I do, however, think it's necessary to discuss a few things that are obvious to those who get their news from some places, and entirely unknown to those who get their news from other places.

Much of the conversation about CFA's policy has centered around the idea that they are being "punished" and their "rights infringed" because COO and President Dan Cathy, whose family founded the company, has said about his opposition to gay marriage. Boycotting or opposing his company, the argument goes, is a violation of his right to free speech.

This is, simply put, nonsense. Dan Cathy has every right to say what he wants...and I have every right to refuse to buy his products in response.

But here's the part that a lot of right-wing "news" sources aren't covering: it's not about what he said. It's about what he does with the money that we, his customers, give him.

What does he do with it? Well, last year he spent a couple of million dollars feeding some pretty nasty organizations. Organizations like:

  • The Family Research Council. FRC is listed by the Southern Poverty Law Center as a full-on hate group. They've made such heart-warming statements as "pedophilia is a homosexual problem," and made comparisons between gays and terror groups. FRC recently spent $25,000 lobbying the US Congress to NOT condemn Uganda's new laws making homosexuality a capital crime - that is to say, one punishable by death.
  • The Marriage and Family Foundation, founded by CFA vice-president Donald "Bubba" Cathy and part of a larger group called the Anti-Gay Marriage CoMission, which is a broad coalition of anti-gay hate groups.
  • Exodus International, an odious "pray away the gay" group specializing in "converting" homosexuals to heterosexuals...a practice condemned by psychology and psychiatry which has led to several suicides.
  • CFA owns the non-profit WinShape foundation, through which all these donations and many more are funneled. Additionally, WinShape operates the WinShape retreat, which has publicly and openly stated that it refuses access to homosexual couples.

Beyond all of this, CFA's corporate behavior is invasive, intolerant, and sometimes illegal. A 2007 Forbes Magazine article, headlined "The Cult Of Chick-Fil-A," describes rampant discrimination in hiring and franchise practics, including background checks that read more like an FBI prove into a potential cabinet member including interviews with family (including children), a stated preference for married franchise owners because they are "more stable," and Dan Cathy's remark quoted in the Forbes article that he would probably fire an employee or terminate an operator who "has been sinful or done something harmful to their family members."

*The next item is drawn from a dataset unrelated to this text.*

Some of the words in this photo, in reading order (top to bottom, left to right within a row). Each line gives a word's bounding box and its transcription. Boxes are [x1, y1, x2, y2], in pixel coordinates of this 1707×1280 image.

All of this is besides things like the guy who finally got a job with the company after twenty four interviews and one prior rejection, including a final interview that lasted five hours. Things like the pregnant mother currently suing the company for firing her because they thought she should be a stay at home mom. Things like the muslim manager who was fired (and sued, and settled) for refusing to participate in a group prayer to Jesus at a company retreat. These two suits are among at least nineteen employment discrimination suits filed against the company since 1988, a number which would likely be much higher if they weren't so diligent about screening potential employees ahead of time.

In short, this is not a matter of free speech, but a matter of the privilege of wealth and self-righteous sanctimony masquerading as religious devotion. While it may be true that Dan Cathy's remarks prompted greater public awareness of the odious, discriminatory, and distinctly un-Christian behavior of Chick-Fil-A, it is not in the least bit true that Cathy is being punished for his words, nor that his "first amendment rights" are being violated.

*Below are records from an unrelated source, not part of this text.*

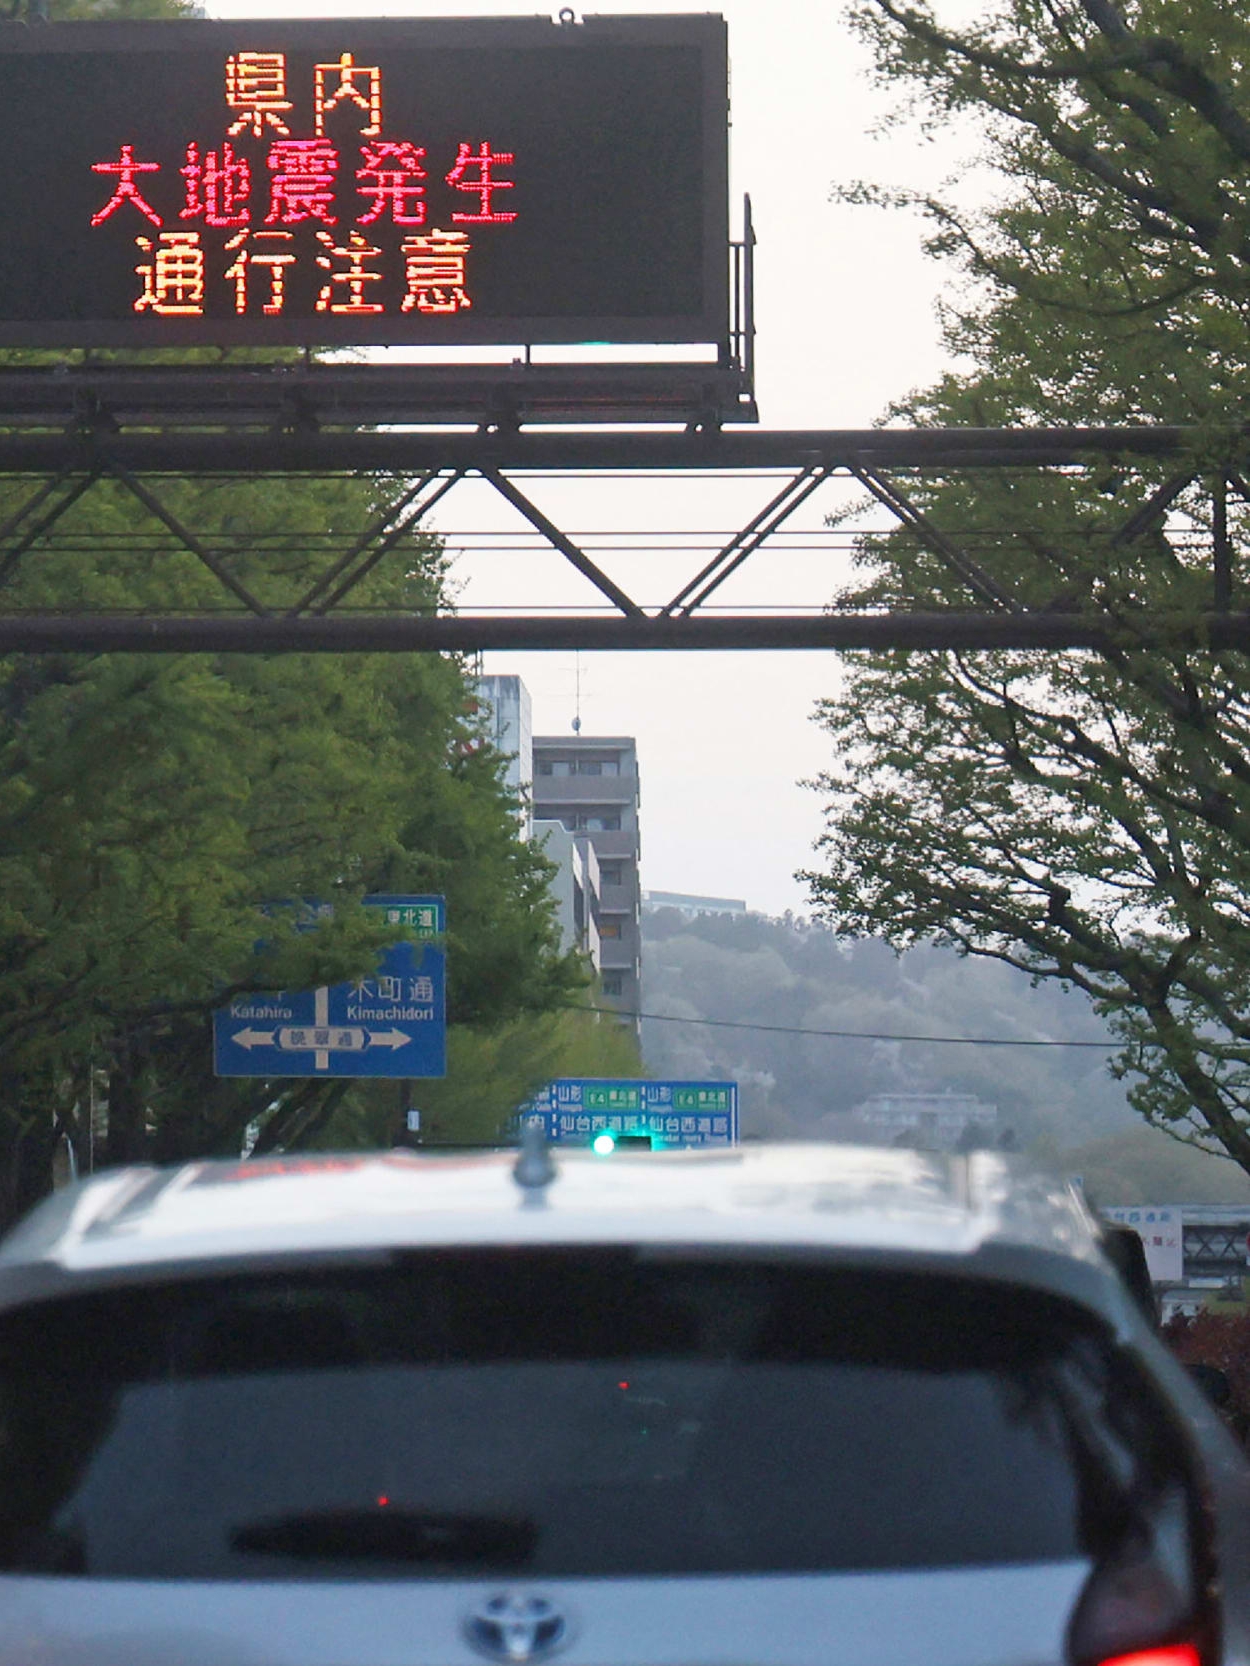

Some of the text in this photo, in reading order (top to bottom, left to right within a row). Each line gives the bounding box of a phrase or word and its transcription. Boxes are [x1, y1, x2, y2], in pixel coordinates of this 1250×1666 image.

[225, 51, 383, 136] 県内
[91, 139, 519, 226] 大地震発生
[134, 228, 473, 314] 通行注意
[347, 976, 434, 1002] 木町通
[231, 1005, 293, 1020] Katahira
[347, 1006, 434, 1021] Kimachidori
[558, 1085, 583, 1101] 山形
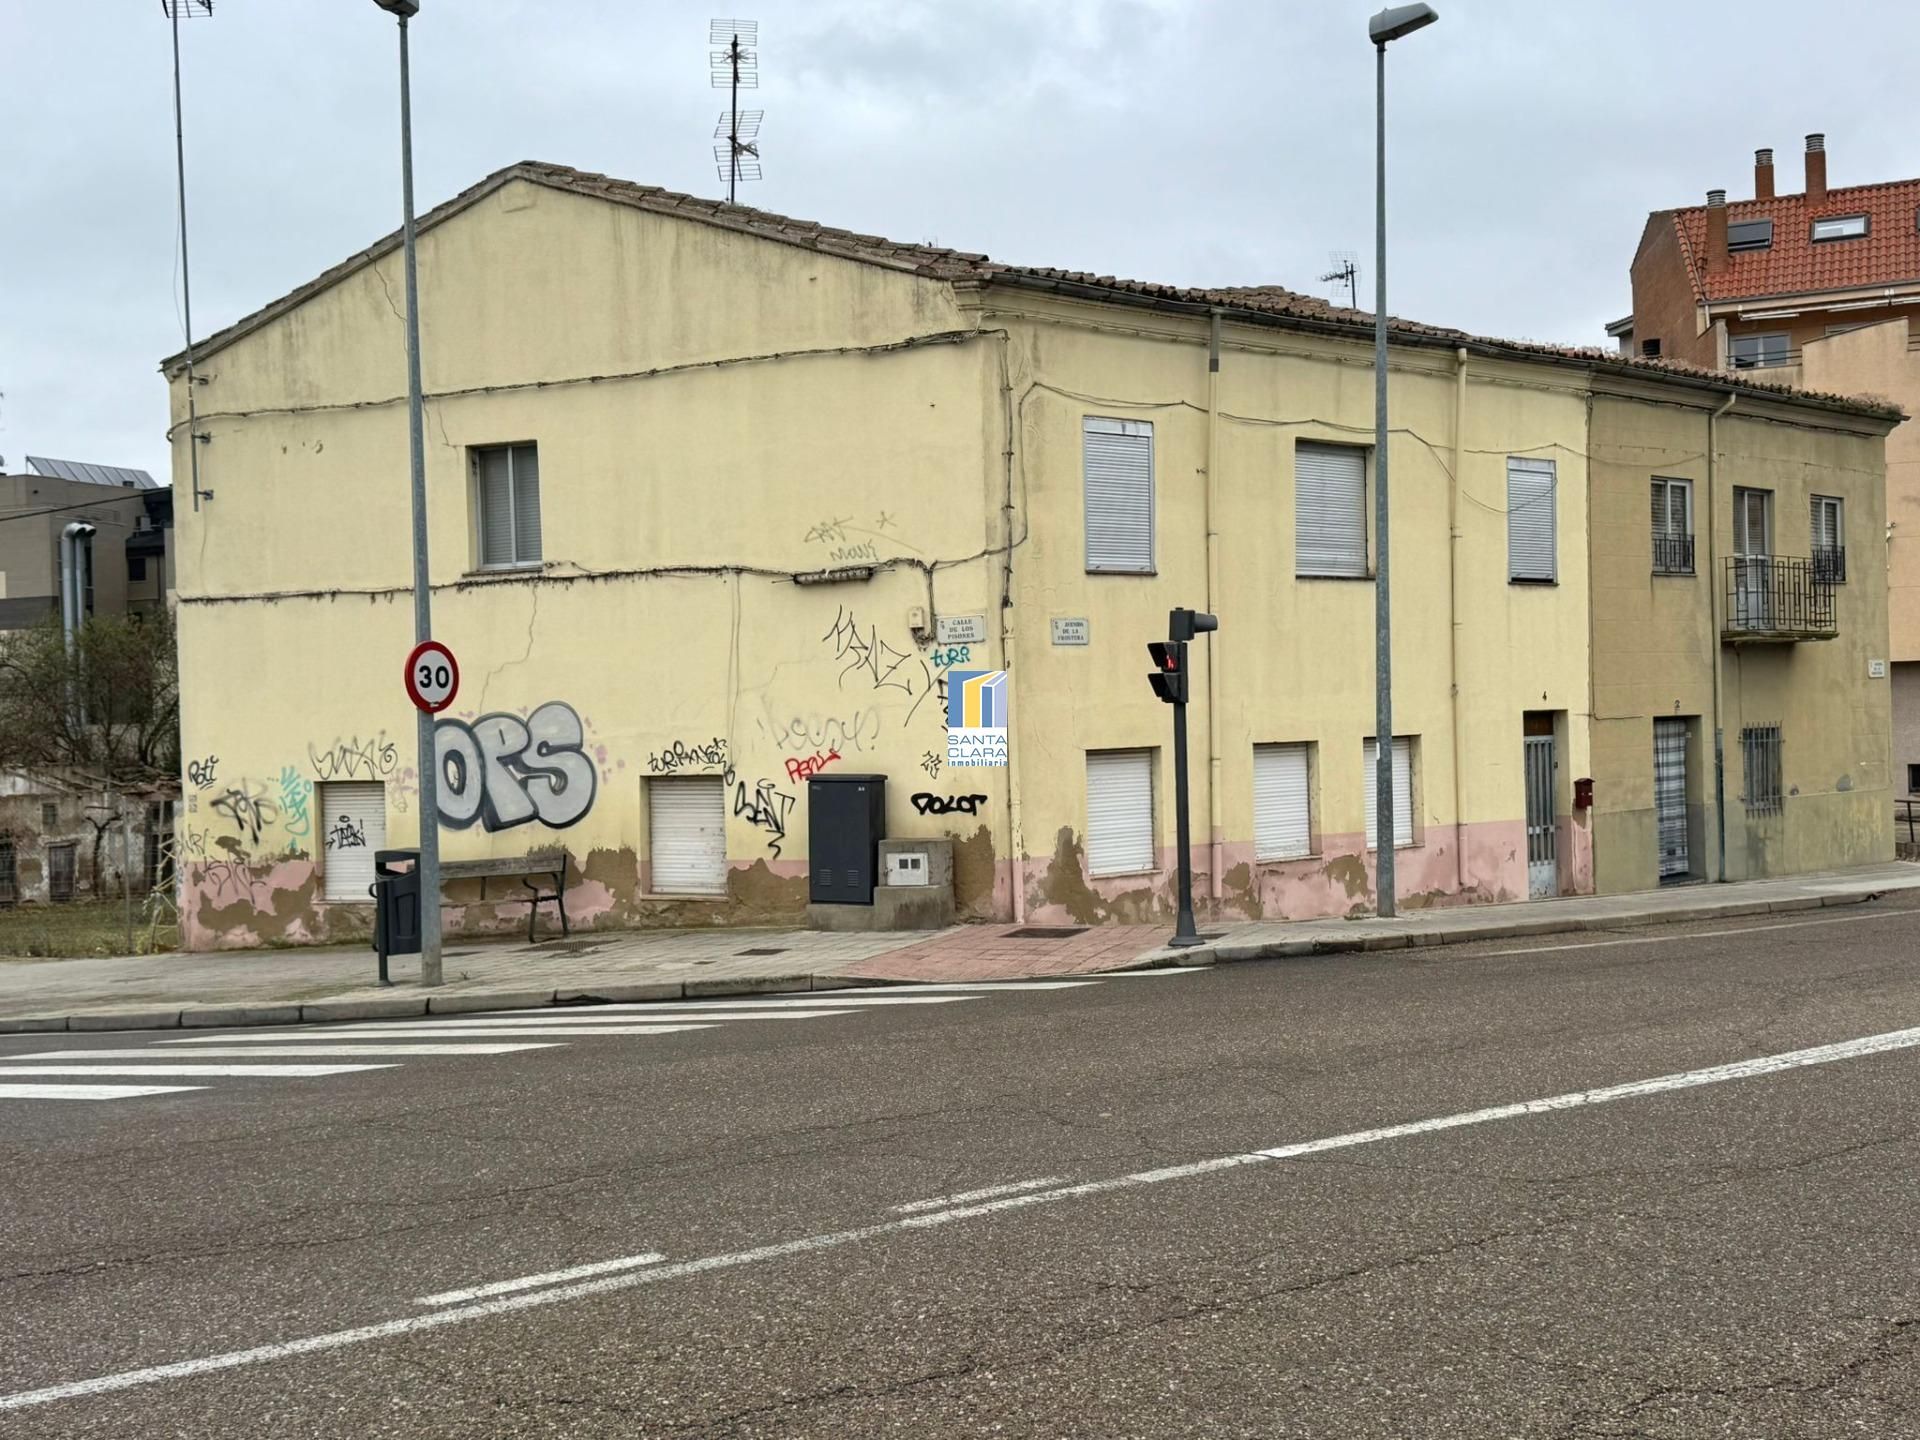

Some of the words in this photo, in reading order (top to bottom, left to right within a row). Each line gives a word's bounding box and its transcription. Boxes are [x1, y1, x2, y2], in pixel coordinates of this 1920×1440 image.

[947, 632, 975, 640] PISONES
[419, 665, 450, 689] 30
[1674, 699, 1681, 709] 2

What's really happening here is a libertarian's wet dream: a rare fulfillment of their credo that "the free market will eliminate businesses which engage in unethical practices." Chick-Fil-A engages in unethical business practices, and the "free market" has spoken with regards to their support for those practices or lack thereof.

As for those who are patting themselves on the back for participating in right-wing shill Mike Huckabee's "Chick-Fil-A Appreciation Day," I hope all these folks giggling and laughing about how much money they've spent supporting hate groups remember what it felt like when "white, straight, christians" are no longer the majority social group in this country. See how you feel about "freedom of speech" when the majority decide that Christianity is a disease that should be cured, being white is a character defect, and being straight is a mental illness closely associated with sexually abusing children.

That's the beauty of our system, you see - you can't set things up to abuse the rights of other people, without creating the risk of having your own rights abused. I just hope for the sake of principle and integrity that when the day comes that these kinds of fundamentalist abusers of power find themselves holding the short end of the stick, those they have abused have the dignity and honor to *not* fall into the trap of giving them a taste of their own medicine.

After all, we're supposed to be better than that.